TASK DESCRIPTION — Your answer must be an exact copy of the listing, with the images left out.
--- EXTRACTED INFORMATION Enclosed Below ---
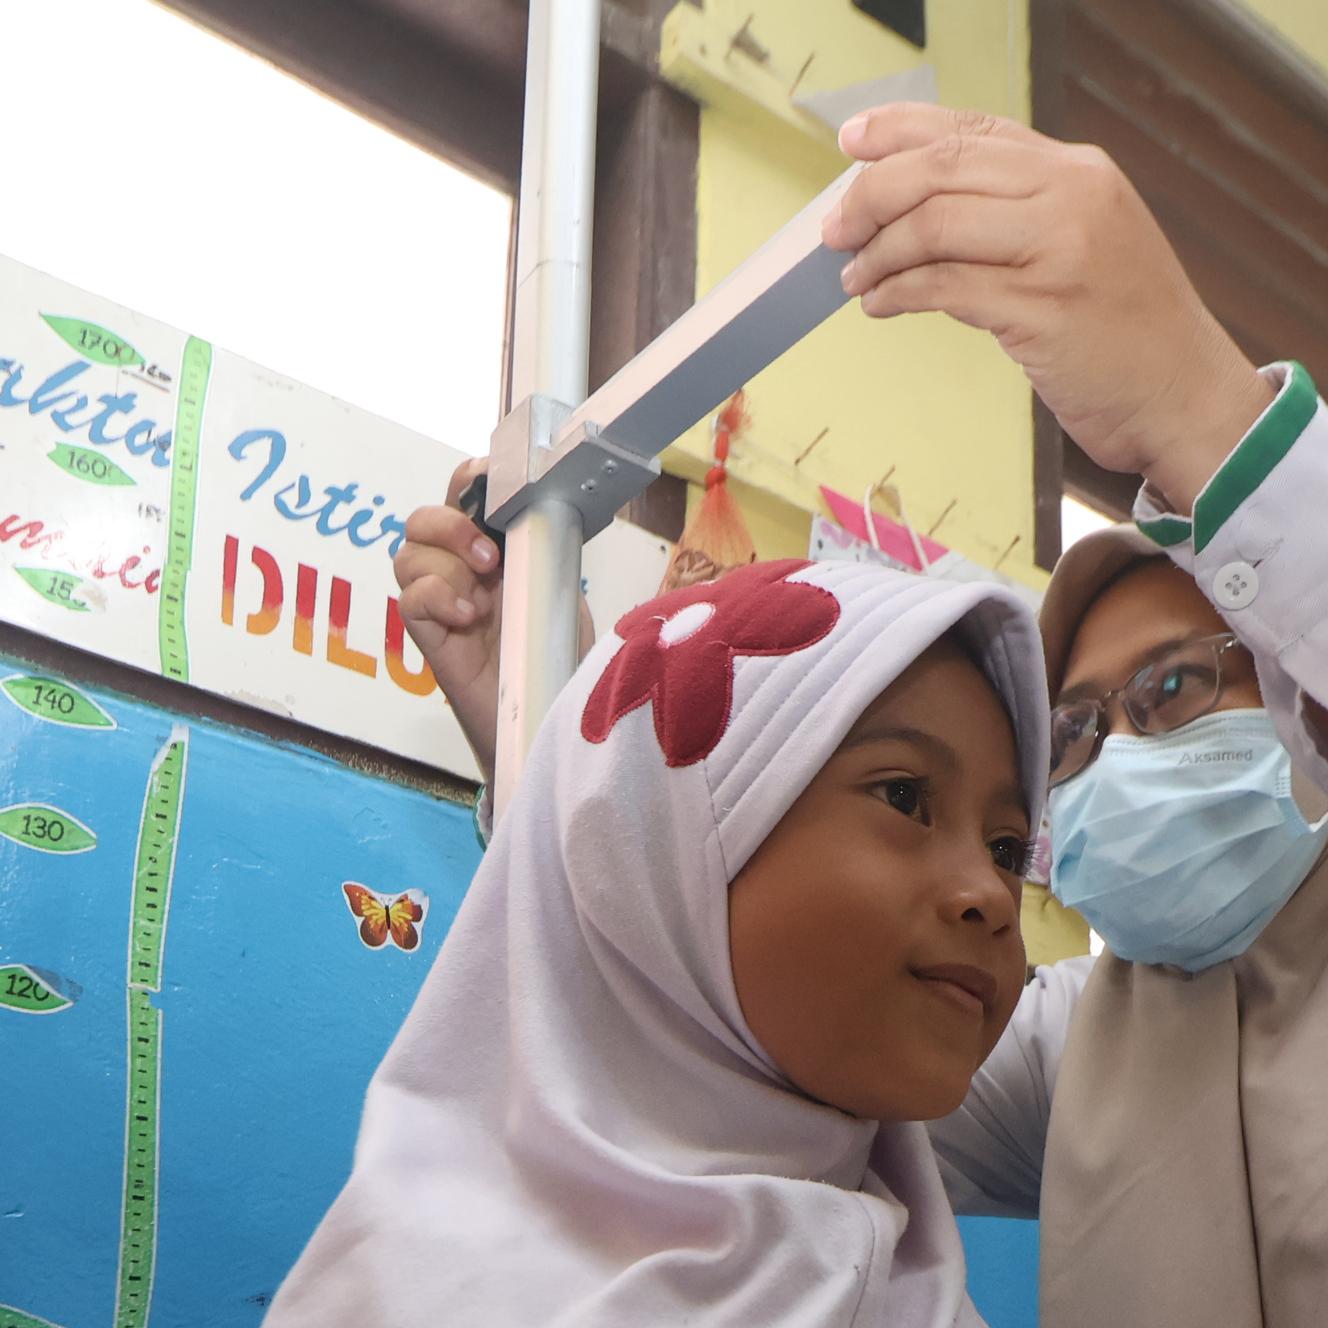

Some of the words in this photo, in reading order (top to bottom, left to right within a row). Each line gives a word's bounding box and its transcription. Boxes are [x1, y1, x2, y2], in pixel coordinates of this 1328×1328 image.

[227, 428, 407, 561] Istir
[46, 576, 87, 608] 15
[221, 533, 441, 698] DILU
[32, 684, 76, 715] 140
[1177, 748, 1253, 766] Aksamed
[21, 814, 65, 842] 130
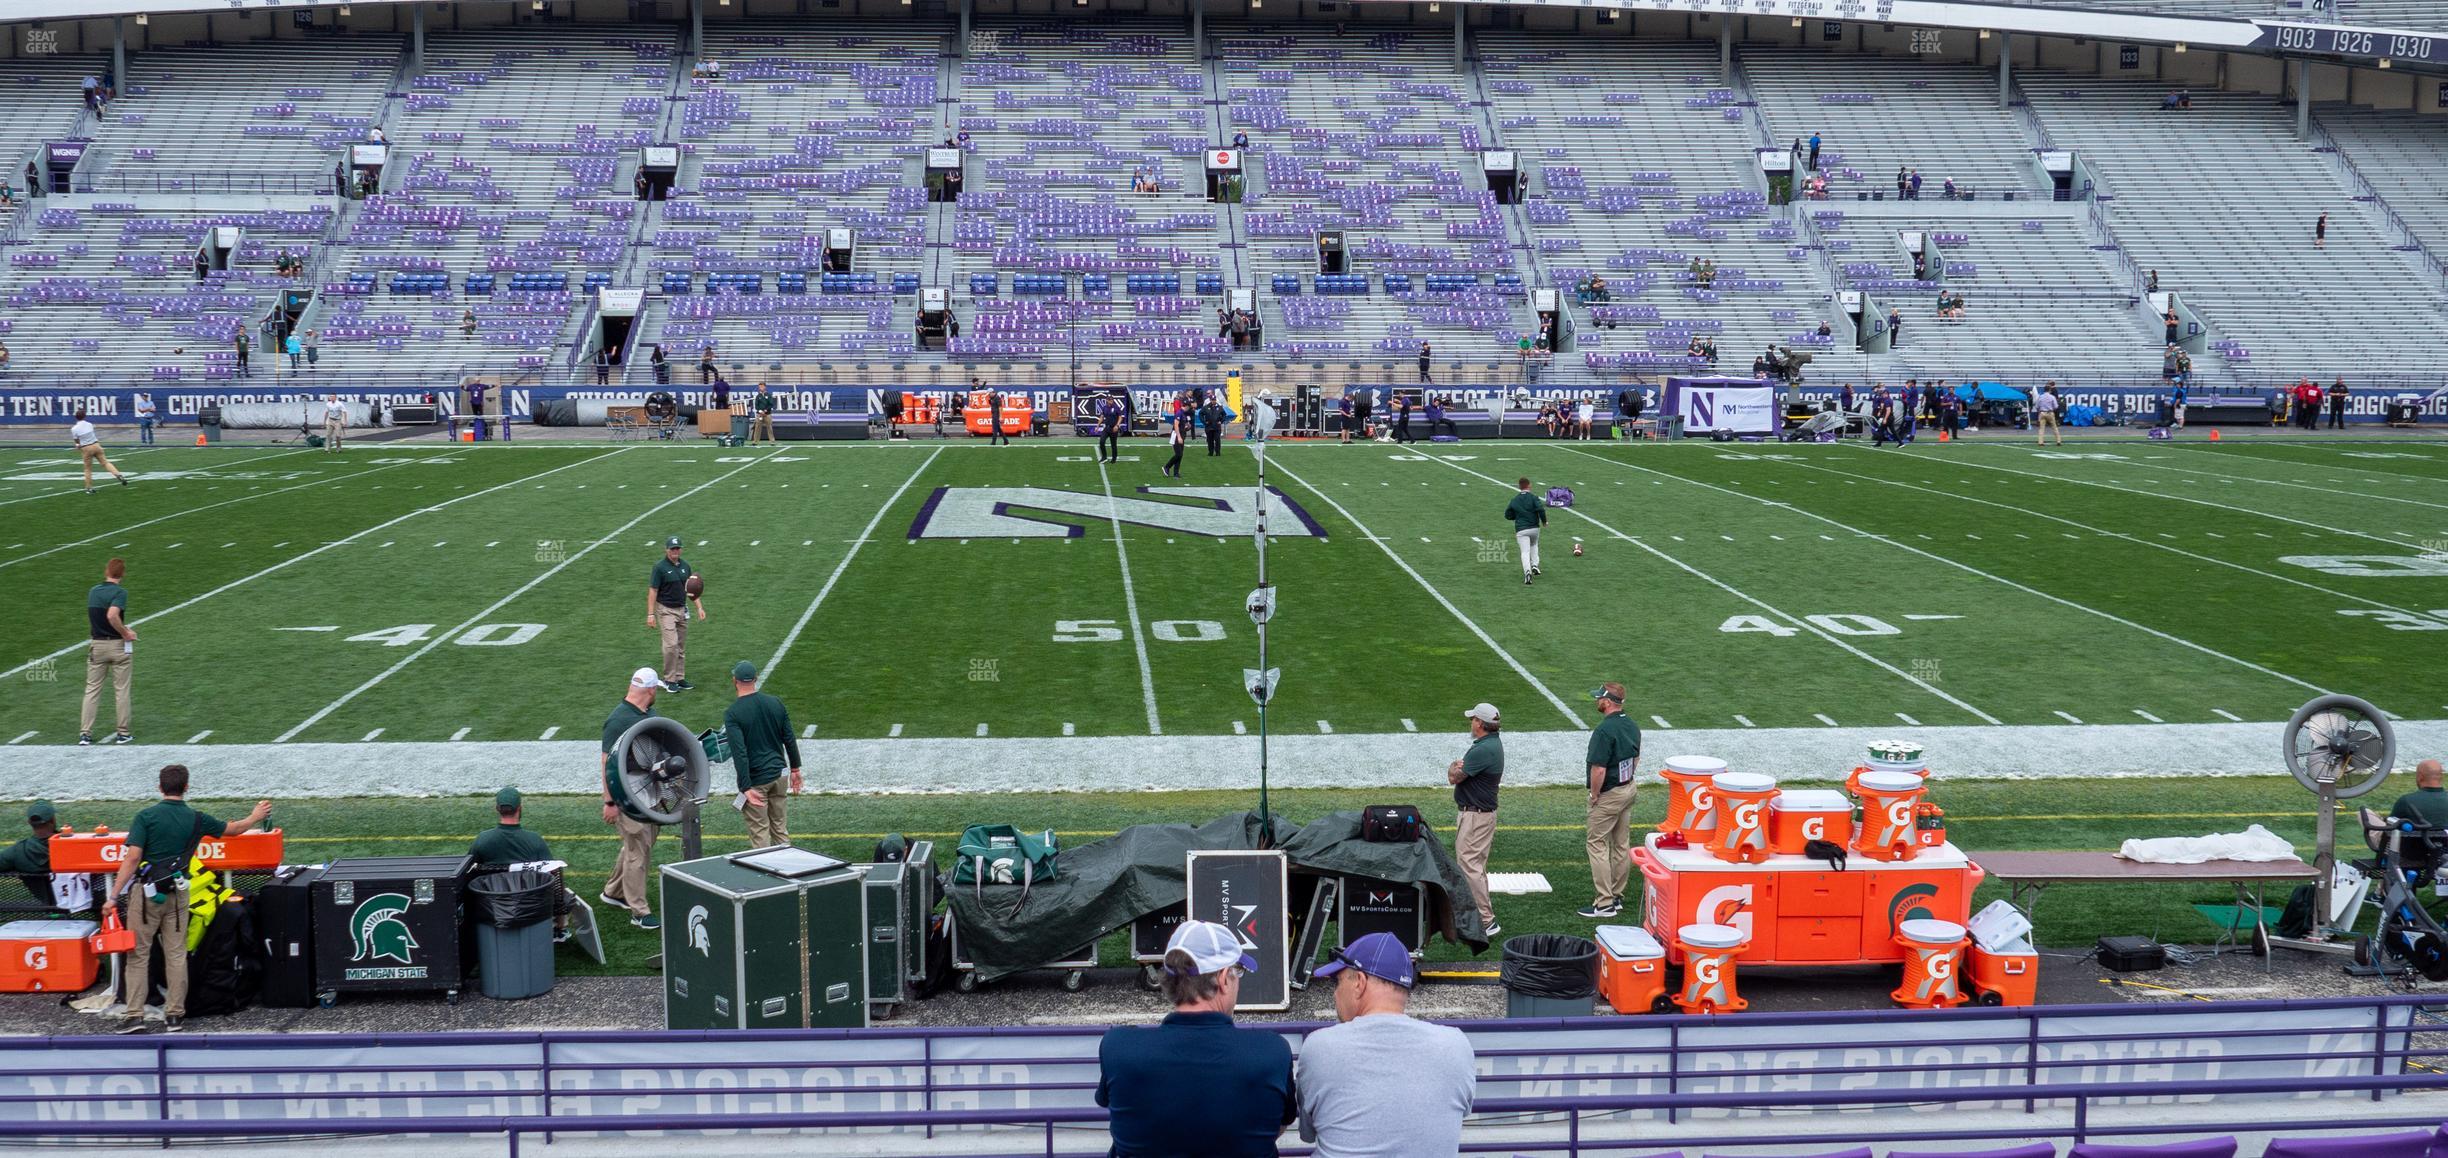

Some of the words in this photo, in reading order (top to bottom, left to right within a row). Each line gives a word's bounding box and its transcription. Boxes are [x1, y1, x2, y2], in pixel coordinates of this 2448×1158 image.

[1788, 1, 1823, 10] FITZGERALD
[1835, 4, 1866, 13] ANDERSON
[1876, 6, 1892, 14] MARK
[1825, 23, 1841, 34] 132
[2274, 27, 2316, 50] 1903
[2332, 30, 2373, 54] 1926
[2389, 35, 2431, 59] 1930
[2120, 52, 2138, 63] 133
[1764, 159, 1786, 168] Hilton
[10, 396, 53, 416] TEN
[58, 396, 118, 416] TEAM
[438, 391, 455, 416] N
[511, 389, 530, 416] N
[772, 391, 831, 411] TEAM
[867, 389, 885, 415] N
[1690, 391, 1714, 427] N
[2123, 394, 2155, 413] BIG
[2403, 408, 2411, 419] N
[905, 486, 1328, 538] N
[345, 624, 549, 647] 40
[1052, 619, 1227, 642] 50
[1719, 613, 1901, 637] 40
[1692, 786, 1714, 811] G
[1735, 804, 1759, 829] G
[1889, 801, 1911, 826] G
[1802, 817, 1824, 840] G
[1921, 832, 1932, 844] G
[101, 842, 226, 862] GADE
[1163, 916, 1178, 924] MV
[1696, 884, 1753, 944] G
[25, 946, 48, 970] G
[1928, 953, 1951, 979] G
[345, 966, 396, 981] MICHIGAN
[397, 966, 428, 979] STATE
[1696, 958, 1719, 984] G
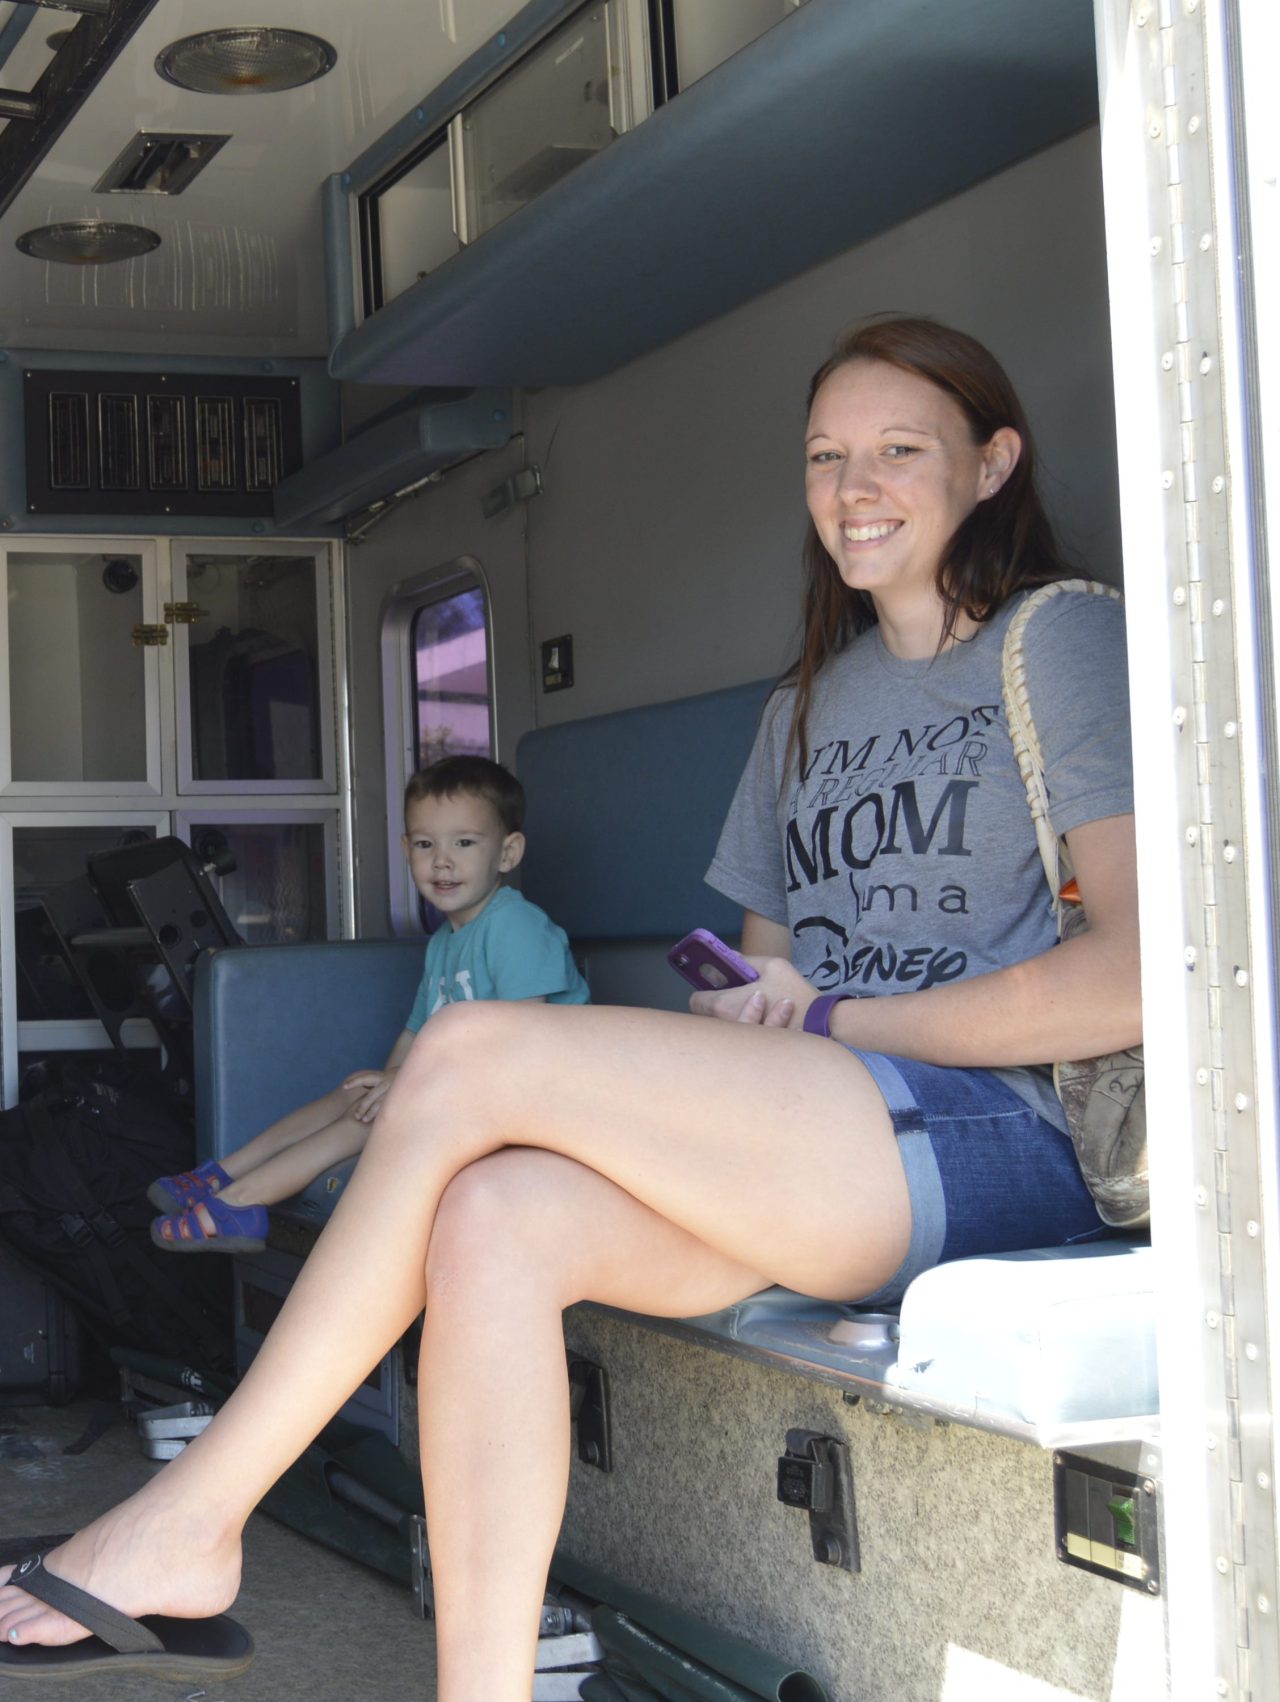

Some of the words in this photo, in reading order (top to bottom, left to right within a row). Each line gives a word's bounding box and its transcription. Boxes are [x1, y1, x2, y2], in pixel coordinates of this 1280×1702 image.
--- End of Enclosed EXTRACTED INFORMATION ---
ANSWER TO THIS EXERCISE —
Some of the words in this photo, in reading order (top to bottom, left to right within a row). Each line gives a word's bounding box and its transcription. Boxes are [x1, y1, x2, y2], in pixel coordinates of this 1328×1328 image.

[227, 428, 407, 561] Istir
[46, 576, 87, 608] 15
[221, 533, 441, 698] DILU
[32, 684, 76, 715] 140
[1177, 748, 1253, 766] Aksamed
[21, 814, 65, 842] 130

Some of the words in this photo, in reading order (top to bottom, left to right within a row). Each line gives a word's bounding box and its transcription. Boxes are [x1, y1, x2, y2], in pixel coordinates of this 2448×1158 image.

[1788, 1, 1823, 10] FITZGERALD
[1835, 4, 1866, 13] ANDERSON
[1876, 6, 1892, 14] MARK
[1825, 23, 1841, 34] 132
[2274, 27, 2316, 50] 1903
[2332, 30, 2373, 54] 1926
[2389, 35, 2431, 59] 1930
[2120, 52, 2138, 63] 133
[1764, 159, 1786, 168] Hilton
[10, 396, 53, 416] TEN
[58, 396, 118, 416] TEAM
[438, 391, 455, 416] N
[511, 389, 530, 416] N
[772, 391, 831, 411] TEAM
[867, 389, 885, 415] N
[1690, 391, 1714, 427] N
[2123, 394, 2155, 413] BIG
[2403, 408, 2411, 419] N
[905, 486, 1328, 538] N
[345, 624, 549, 647] 40
[1052, 619, 1227, 642] 50
[1719, 613, 1901, 637] 40
[1692, 786, 1714, 811] G
[1735, 804, 1759, 829] G
[1889, 801, 1911, 826] G
[1802, 817, 1824, 840] G
[1921, 832, 1932, 844] G
[101, 842, 226, 862] GADE
[1163, 916, 1178, 924] MV
[1696, 884, 1753, 944] G
[25, 946, 48, 970] G
[1928, 953, 1951, 979] G
[345, 966, 396, 981] MICHIGAN
[397, 966, 428, 979] STATE
[1696, 958, 1719, 984] G

Some of the words in this photo, in reading order (top to bottom, left to right within a row). Each line gives a word's bounding box and its transcription. Boxes are [x1, y1, x2, y2], in pixel coordinates of this 1280×1702 image.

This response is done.